_Material for this task_:

══════════════════════════════

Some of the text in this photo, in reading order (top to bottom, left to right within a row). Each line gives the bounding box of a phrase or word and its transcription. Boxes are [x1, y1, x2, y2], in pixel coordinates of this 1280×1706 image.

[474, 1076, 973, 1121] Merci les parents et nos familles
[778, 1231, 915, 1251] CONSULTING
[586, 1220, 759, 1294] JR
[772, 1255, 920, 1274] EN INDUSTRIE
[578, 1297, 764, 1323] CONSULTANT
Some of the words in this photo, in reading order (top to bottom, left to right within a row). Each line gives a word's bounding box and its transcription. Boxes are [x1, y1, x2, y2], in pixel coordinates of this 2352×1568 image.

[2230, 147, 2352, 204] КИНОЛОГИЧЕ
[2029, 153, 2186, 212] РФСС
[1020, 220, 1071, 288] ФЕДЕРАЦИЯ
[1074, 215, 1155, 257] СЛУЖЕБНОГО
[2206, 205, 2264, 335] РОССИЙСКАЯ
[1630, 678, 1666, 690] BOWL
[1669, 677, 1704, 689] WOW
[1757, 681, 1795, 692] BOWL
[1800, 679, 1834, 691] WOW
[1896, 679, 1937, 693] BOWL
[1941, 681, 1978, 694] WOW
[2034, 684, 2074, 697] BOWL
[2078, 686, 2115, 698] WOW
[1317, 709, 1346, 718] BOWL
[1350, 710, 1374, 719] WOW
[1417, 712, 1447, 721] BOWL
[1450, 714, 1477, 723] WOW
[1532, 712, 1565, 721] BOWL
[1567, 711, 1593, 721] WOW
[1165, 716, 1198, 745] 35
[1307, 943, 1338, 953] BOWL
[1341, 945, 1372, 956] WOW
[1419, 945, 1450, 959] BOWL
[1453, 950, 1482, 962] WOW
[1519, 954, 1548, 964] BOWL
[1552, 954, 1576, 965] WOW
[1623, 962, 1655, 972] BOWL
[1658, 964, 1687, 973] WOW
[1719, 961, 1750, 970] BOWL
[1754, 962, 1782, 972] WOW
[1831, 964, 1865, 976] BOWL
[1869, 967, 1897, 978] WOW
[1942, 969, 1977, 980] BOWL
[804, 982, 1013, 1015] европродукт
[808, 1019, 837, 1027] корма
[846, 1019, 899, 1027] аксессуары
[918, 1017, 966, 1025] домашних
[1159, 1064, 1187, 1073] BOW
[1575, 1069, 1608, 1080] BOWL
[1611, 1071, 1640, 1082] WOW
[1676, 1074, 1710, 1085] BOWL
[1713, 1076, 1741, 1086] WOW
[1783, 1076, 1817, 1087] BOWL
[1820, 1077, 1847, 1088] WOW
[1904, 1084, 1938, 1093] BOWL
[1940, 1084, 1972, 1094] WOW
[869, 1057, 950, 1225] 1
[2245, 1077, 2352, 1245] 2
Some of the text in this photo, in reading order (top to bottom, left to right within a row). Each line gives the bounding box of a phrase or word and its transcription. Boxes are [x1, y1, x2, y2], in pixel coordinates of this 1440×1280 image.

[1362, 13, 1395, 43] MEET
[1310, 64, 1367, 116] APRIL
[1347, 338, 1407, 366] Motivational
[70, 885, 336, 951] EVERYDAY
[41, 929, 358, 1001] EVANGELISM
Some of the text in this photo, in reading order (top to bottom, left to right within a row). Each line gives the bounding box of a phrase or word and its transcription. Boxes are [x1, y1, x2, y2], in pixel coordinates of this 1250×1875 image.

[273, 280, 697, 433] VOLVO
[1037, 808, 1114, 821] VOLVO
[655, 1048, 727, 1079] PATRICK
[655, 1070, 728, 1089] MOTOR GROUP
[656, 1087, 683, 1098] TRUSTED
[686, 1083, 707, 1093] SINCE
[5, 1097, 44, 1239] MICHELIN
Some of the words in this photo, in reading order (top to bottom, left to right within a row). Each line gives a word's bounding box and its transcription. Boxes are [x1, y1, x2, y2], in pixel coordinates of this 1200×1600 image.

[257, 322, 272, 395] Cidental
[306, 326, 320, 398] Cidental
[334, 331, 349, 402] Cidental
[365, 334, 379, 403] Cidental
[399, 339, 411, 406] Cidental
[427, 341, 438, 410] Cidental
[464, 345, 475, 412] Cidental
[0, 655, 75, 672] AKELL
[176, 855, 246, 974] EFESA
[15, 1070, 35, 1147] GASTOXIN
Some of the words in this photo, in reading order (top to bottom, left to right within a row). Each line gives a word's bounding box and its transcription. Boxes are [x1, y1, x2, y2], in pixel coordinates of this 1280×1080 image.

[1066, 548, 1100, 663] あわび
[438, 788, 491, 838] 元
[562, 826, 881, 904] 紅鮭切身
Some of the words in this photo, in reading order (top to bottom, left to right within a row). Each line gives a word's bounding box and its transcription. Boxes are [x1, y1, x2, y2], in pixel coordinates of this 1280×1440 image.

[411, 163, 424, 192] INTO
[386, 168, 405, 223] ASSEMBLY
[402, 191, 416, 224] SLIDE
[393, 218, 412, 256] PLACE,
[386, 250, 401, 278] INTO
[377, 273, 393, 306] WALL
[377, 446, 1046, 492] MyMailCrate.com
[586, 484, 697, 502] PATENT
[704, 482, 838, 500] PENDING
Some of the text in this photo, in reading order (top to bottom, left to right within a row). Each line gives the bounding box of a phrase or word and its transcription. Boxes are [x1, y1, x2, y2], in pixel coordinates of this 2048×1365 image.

══════════════════════════════

_Work to complete_: Would you please copy the material above exactly, with nothing left out?

_Result for this exercise_:
Some of the text in this photo, in reading order (top to bottom, left to right within a row). Each line gives the bounding box of a phrase or word and its transcription. Boxes are [x1, y1, x2, y2], in pixel coordinates of this 1280×1706 image.

[474, 1076, 973, 1121] Merci les parents et nos familles
[778, 1231, 915, 1251] CONSULTING
[586, 1220, 759, 1294] JR
[772, 1255, 920, 1274] EN INDUSTRIE
[578, 1297, 764, 1323] CONSULTANT
Some of the words in this photo, in reading order (top to bottom, left to right within a row). Each line gives a word's bounding box and its transcription. Boxes are [x1, y1, x2, y2], in pixel coordinates of this 2352×1568 image.

[2230, 147, 2352, 204] КИНОЛОГИЧЕ
[2029, 153, 2186, 212] РФСС
[1020, 220, 1071, 288] ФЕДЕРАЦИЯ
[1074, 215, 1155, 257] СЛУЖЕБНОГО
[2206, 205, 2264, 335] РОССИЙСКАЯ
[1630, 678, 1666, 690] BOWL
[1669, 677, 1704, 689] WOW
[1757, 681, 1795, 692] BOWL
[1800, 679, 1834, 691] WOW
[1896, 679, 1937, 693] BOWL
[1941, 681, 1978, 694] WOW
[2034, 684, 2074, 697] BOWL
[2078, 686, 2115, 698] WOW
[1317, 709, 1346, 718] BOWL
[1350, 710, 1374, 719] WOW
[1417, 712, 1447, 721] BOWL
[1450, 714, 1477, 723] WOW
[1532, 712, 1565, 721] BOWL
[1567, 711, 1593, 721] WOW
[1165, 716, 1198, 745] 35
[1307, 943, 1338, 953] BOWL
[1341, 945, 1372, 956] WOW
[1419, 945, 1450, 959] BOWL
[1453, 950, 1482, 962] WOW
[1519, 954, 1548, 964] BOWL
[1552, 954, 1576, 965] WOW
[1623, 962, 1655, 972] BOWL
[1658, 964, 1687, 973] WOW
[1719, 961, 1750, 970] BOWL
[1754, 962, 1782, 972] WOW
[1831, 964, 1865, 976] BOWL
[1869, 967, 1897, 978] WOW
[1942, 969, 1977, 980] BOWL
[804, 982, 1013, 1015] европродукт
[808, 1019, 837, 1027] корма
[846, 1019, 899, 1027] аксессуары
[918, 1017, 966, 1025] домашних
[1159, 1064, 1187, 1073] BOW
[1575, 1069, 1608, 1080] BOWL
[1611, 1071, 1640, 1082] WOW
[1676, 1074, 1710, 1085] BOWL
[1713, 1076, 1741, 1086] WOW
[1783, 1076, 1817, 1087] BOWL
[1820, 1077, 1847, 1088] WOW
[1904, 1084, 1938, 1093] BOWL
[1940, 1084, 1972, 1094] WOW
[869, 1057, 950, 1225] 1
[2245, 1077, 2352, 1245] 2
Some of the text in this photo, in reading order (top to bottom, left to right within a row). Each line gives the bounding box of a phrase or word and its transcription. Boxes are [x1, y1, x2, y2], in pixel coordinates of this 1440×1280 image.

[1362, 13, 1395, 43] MEET
[1310, 64, 1367, 116] APRIL
[1347, 338, 1407, 366] Motivational
[70, 885, 336, 951] EVERYDAY
[41, 929, 358, 1001] EVANGELISM
Some of the text in this photo, in reading order (top to bottom, left to right within a row). Each line gives the bounding box of a phrase or word and its transcription. Boxes are [x1, y1, x2, y2], in pixel coordinates of this 1250×1875 image.

[273, 280, 697, 433] VOLVO
[1037, 808, 1114, 821] VOLVO
[655, 1048, 727, 1079] PATRICK
[655, 1070, 728, 1089] MOTOR GROUP
[656, 1087, 683, 1098] TRUSTED
[686, 1083, 707, 1093] SINCE
[5, 1097, 44, 1239] MICHELIN
Some of the words in this photo, in reading order (top to bottom, left to right within a row). Each line gives a word's bounding box and its transcription. Boxes are [x1, y1, x2, y2], in pixel coordinates of this 1200×1600 image.

[257, 322, 272, 395] Cidental
[306, 326, 320, 398] Cidental
[334, 331, 349, 402] Cidental
[365, 334, 379, 403] Cidental
[399, 339, 411, 406] Cidental
[427, 341, 438, 410] Cidental
[464, 345, 475, 412] Cidental
[0, 655, 75, 672] AKELL
[176, 855, 246, 974] EFESA
[15, 1070, 35, 1147] GASTOXIN
Some of the words in this photo, in reading order (top to bottom, left to right within a row). Each line gives a word's bounding box and its transcription. Boxes are [x1, y1, x2, y2], in pixel coordinates of this 1280×1080 image.

[1066, 548, 1100, 663] あわび
[438, 788, 491, 838] 元
[562, 826, 881, 904] 紅鮭切身
Some of the words in this photo, in reading order (top to bottom, left to right within a row). Each line gives a word's bounding box and its transcription. Boxes are [x1, y1, x2, y2], in pixel coordinates of this 1280×1440 image.

[411, 163, 424, 192] INTO
[386, 168, 405, 223] ASSEMBLY
[402, 191, 416, 224] SLIDE
[393, 218, 412, 256] PLACE,
[386, 250, 401, 278] INTO
[377, 273, 393, 306] WALL
[377, 446, 1046, 492] MyMailCrate.com
[586, 484, 697, 502] PATENT
[704, 482, 838, 500] PENDING
Some of the text in this photo, in reading order (top to bottom, left to right within a row). Each line gives the bounding box of a phrase or word and its transcription. Boxes are [x1, y1, x2, y2], in pixel coordinates of this 2048×1365 image.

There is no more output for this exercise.